Witch bottles: a Halloween, do-it-yourself apotropaios project

An unhappy Halloween for Hagatha: She just wants to use the bathroom, okay?  Photo courtesy of slworking2 on flickr.com
An unhappy Halloween for Hagatha: She just wants to use the bathroom, okay? Photo courtesy of slworking2 on flickr.com
How to treat a witch? An important consideration at any point, but particularly so in this season of Halloweeny.

Unfortunately, there is no hard and fast answer. It all depends on the type of witch – your crones and matronly witches are best treated with cautious respect, while drinks and flowers might be the best strategy for a foxy witch. Cardboard cutout witches can generally be handled and stored without much difficulty. Sandwiches can be eaten or thrown away (one hates to waste food, but if you made it, that’s your prerogative).

But what about a witch that means you harm? I would strongly discourage burning – even if it seems like a good idea at the time, it probably isn’t, and it’s really not the sort of thing you can take back.
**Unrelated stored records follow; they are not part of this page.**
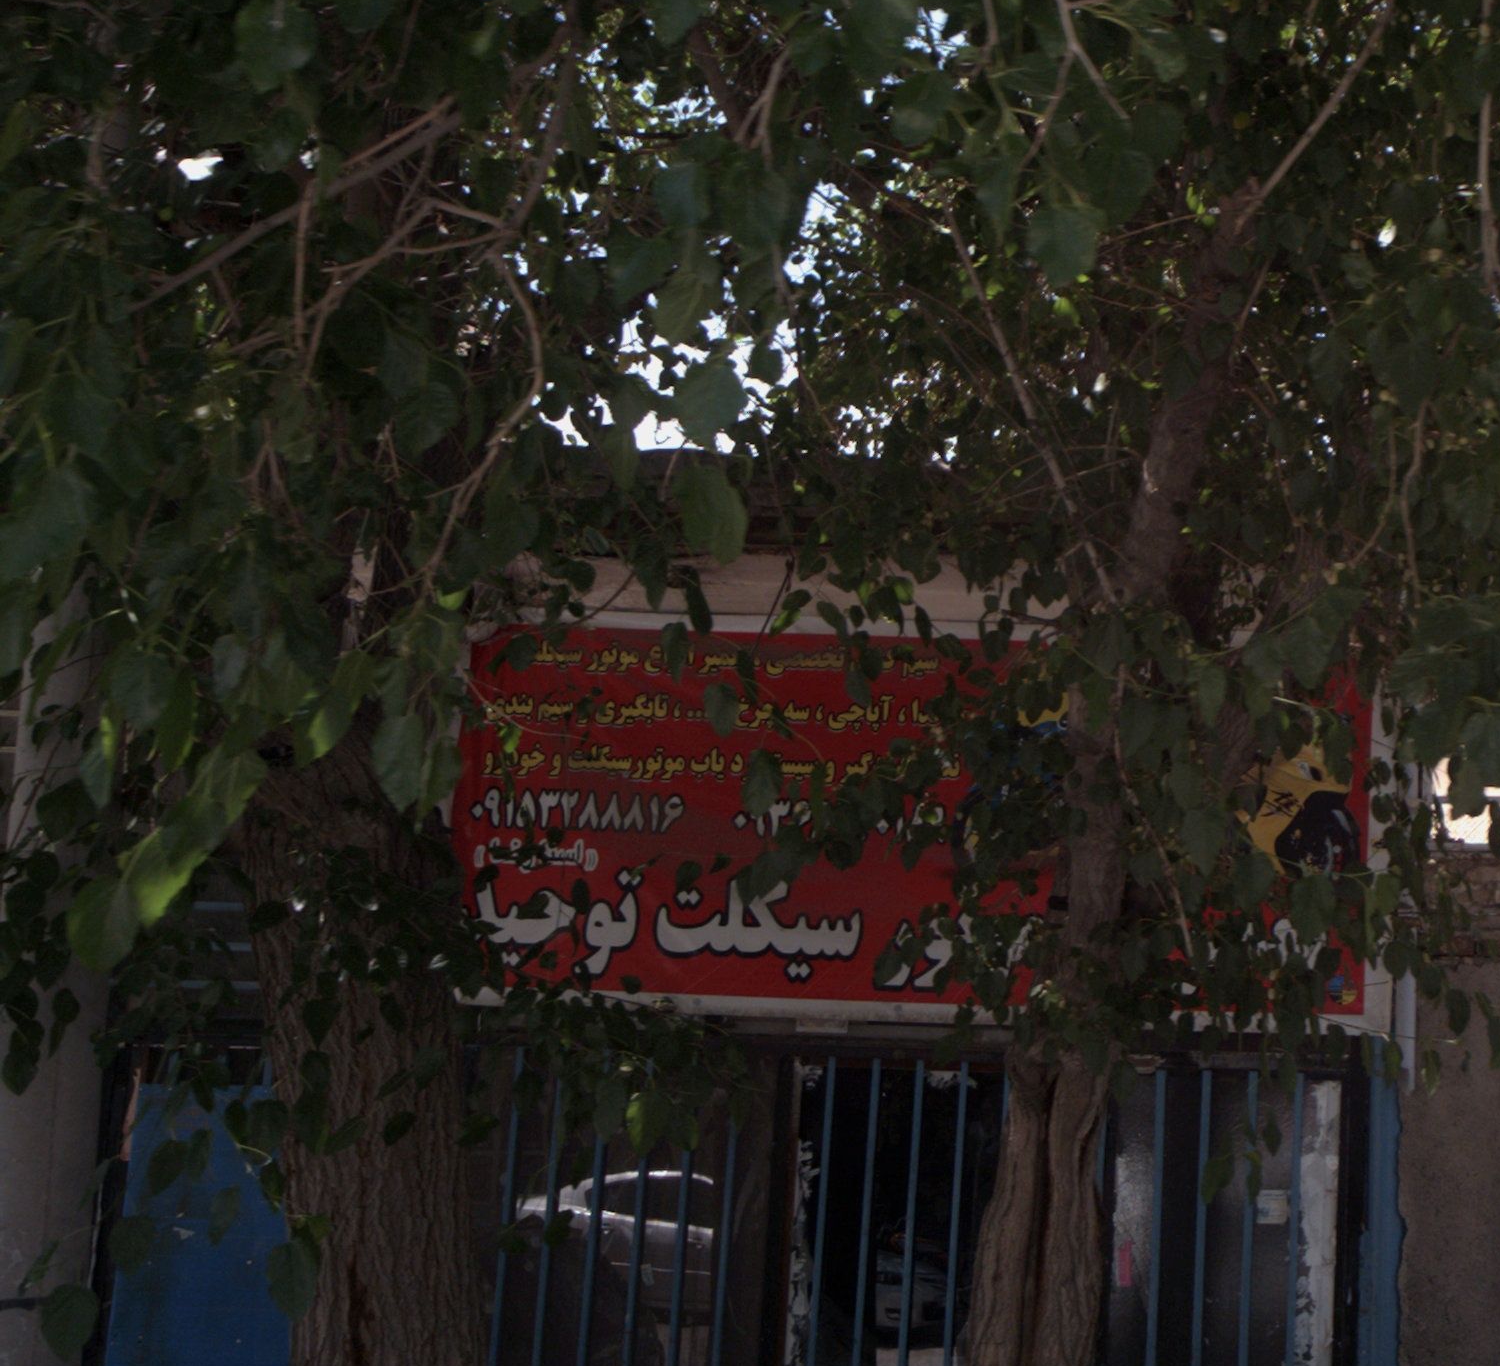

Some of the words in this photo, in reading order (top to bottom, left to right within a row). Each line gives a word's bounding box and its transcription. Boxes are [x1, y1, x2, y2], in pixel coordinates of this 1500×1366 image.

[522, 641, 583, 670] سیکل
[586, 642, 639, 673] موتور
[485, 693, 535, 726] بندی
[537, 701, 574, 724] سیم
[596, 694, 669, 725] تابگیری
[784, 702, 810, 722] سه
[828, 695, 895, 731] آپاچی
[549, 751, 562, 778] و
[655, 878, 862, 982] سیکلت
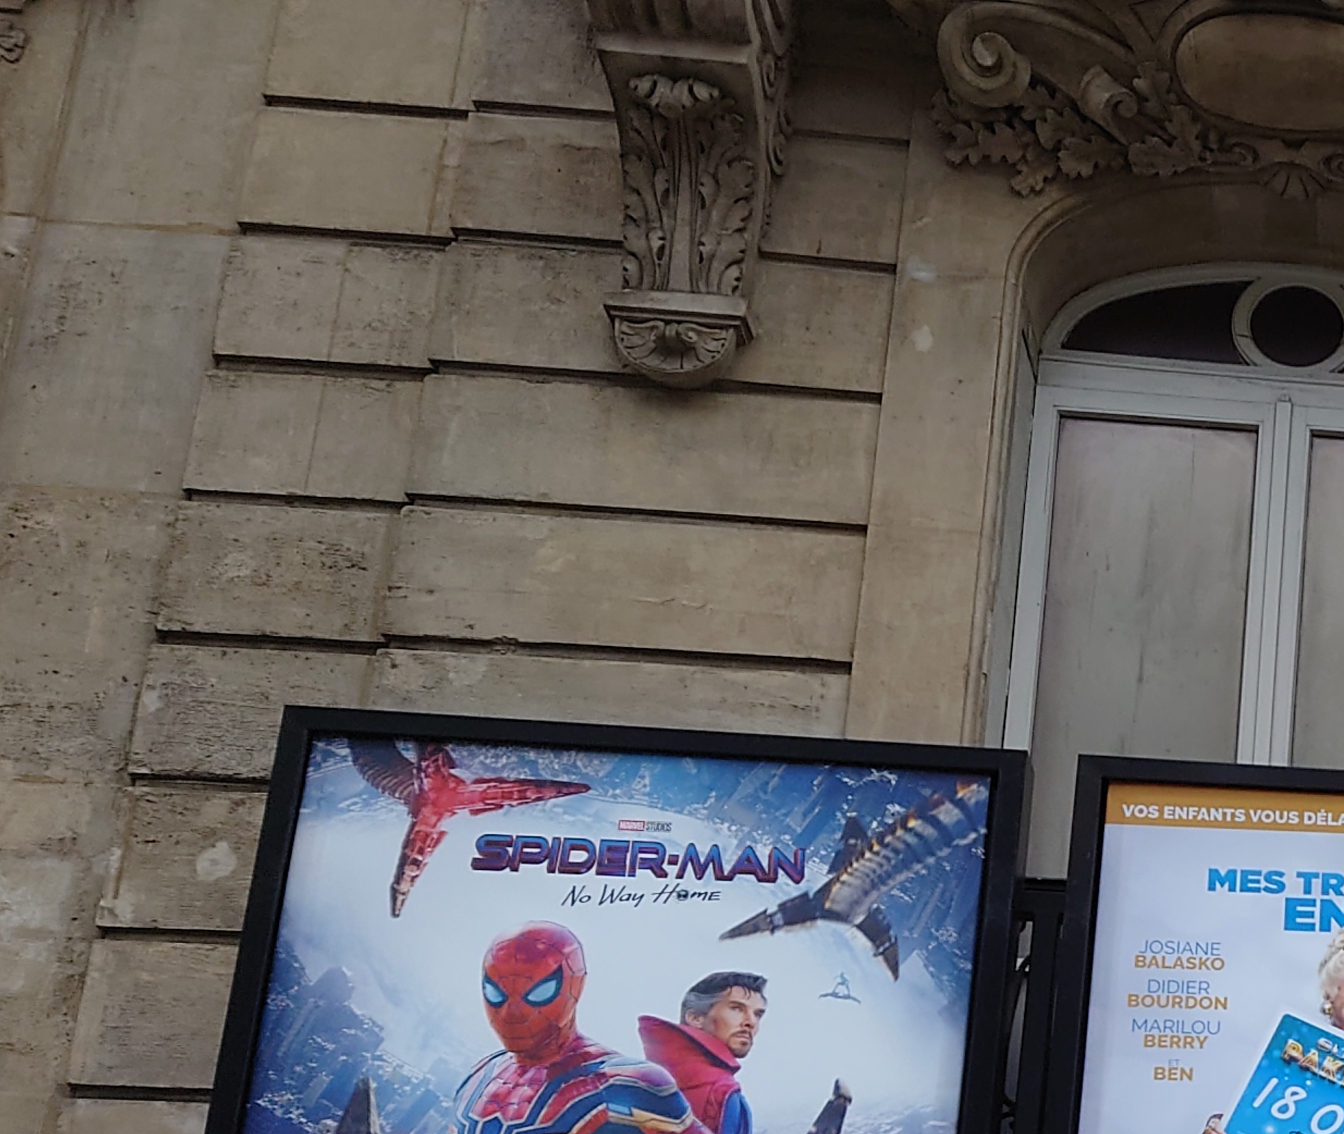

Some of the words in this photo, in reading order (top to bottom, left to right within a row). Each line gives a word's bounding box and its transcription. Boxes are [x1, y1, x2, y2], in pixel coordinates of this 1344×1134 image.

The other day, however, I stumbled across this helpful article in Current Archaeology. It concerns “witch bottles,” archeological evidence of a certain method of dealing with witches from several hundred years ago.

Here’s what you do:
First, get yourself a bottle. Most 18th century Anglo-Saxons would have used ceramic or glass bottles (like the one mentioned in the article, the Reigate Bottle), but I don’t see any reason not to be a little more modern. Try Mountain Dew; that way you get a liter of soda, and a particularly magic-looking bottle. Next, you need to put some stuff in the bottle that will do harm to the witch. Old witch bottles often contain bent metal pins. That’s still pretty workable, but be creative if you want. Maybe break up a CD (I recommend the Titanic soundtrack – it’ll probably be cheaper than pins, and is pretty harmful even before it’s been shattered. Ha ha.). You then have to add some human hair. I’m not sure if it has to be yours, or the witch’s, or what. Just put any old hair in there, I suppose – you’re trying to pull one over on a witch, not a geneticist. Next, put some wool and “prickly grass” into your bottle. Finally, top the whole thing off with some urine. A little icky, I know, but this is magic we’re dealing with. Plus, if you already drank the Mountain Dew, it shouldn’t be too tricky to get your hands on some grade A P.

What to do with your spiky concoction? Well, first of all, don’t drop it. Then you have to clean everything up, and the witch wins. No, seal that sucker off, and hide it. Originally, witch bottles would have been buried someplace warm, like under the fireplace. That could be awfully tricky these days, especially if you rent. My suggestion would be to tape the bottle to your water heater, or maybe just put it in the garage someplace and forget about it. If you’ve done everything correctly, when the witch tries to, you know, pass water, she will “suffer dreadful torments and may even die.”

The whole thing is supposed to work even if you don’t know exactly who the witch is – you just have to keep an eye out for the friend or neighbor who appears to be having urogenital trouble. It’s nice, too, because if it turns out that you have just an inflamed appendix and aren’t actually under a hex, no one has to get burned.

As I mentioned, there’s a lot of room for creativity, and I the whole thing is an excellent idea for a family craft project. You could even make several witch bottles ahead of time, and then, ah, fill them up as they become needed. Even if you never have any witch troubles, your unused bottles will give archaeologists of the future something to think about.

Here’s another interesting site with information on apotropaios-related archaeological finds. “Apotropaios,” by the way comes from a Greek word meaning “evil-averting,” and the site covers all sorts of fun things, from hidden shoes and horse skulls to dried cats. With an open mind, you could have a very full Halloween.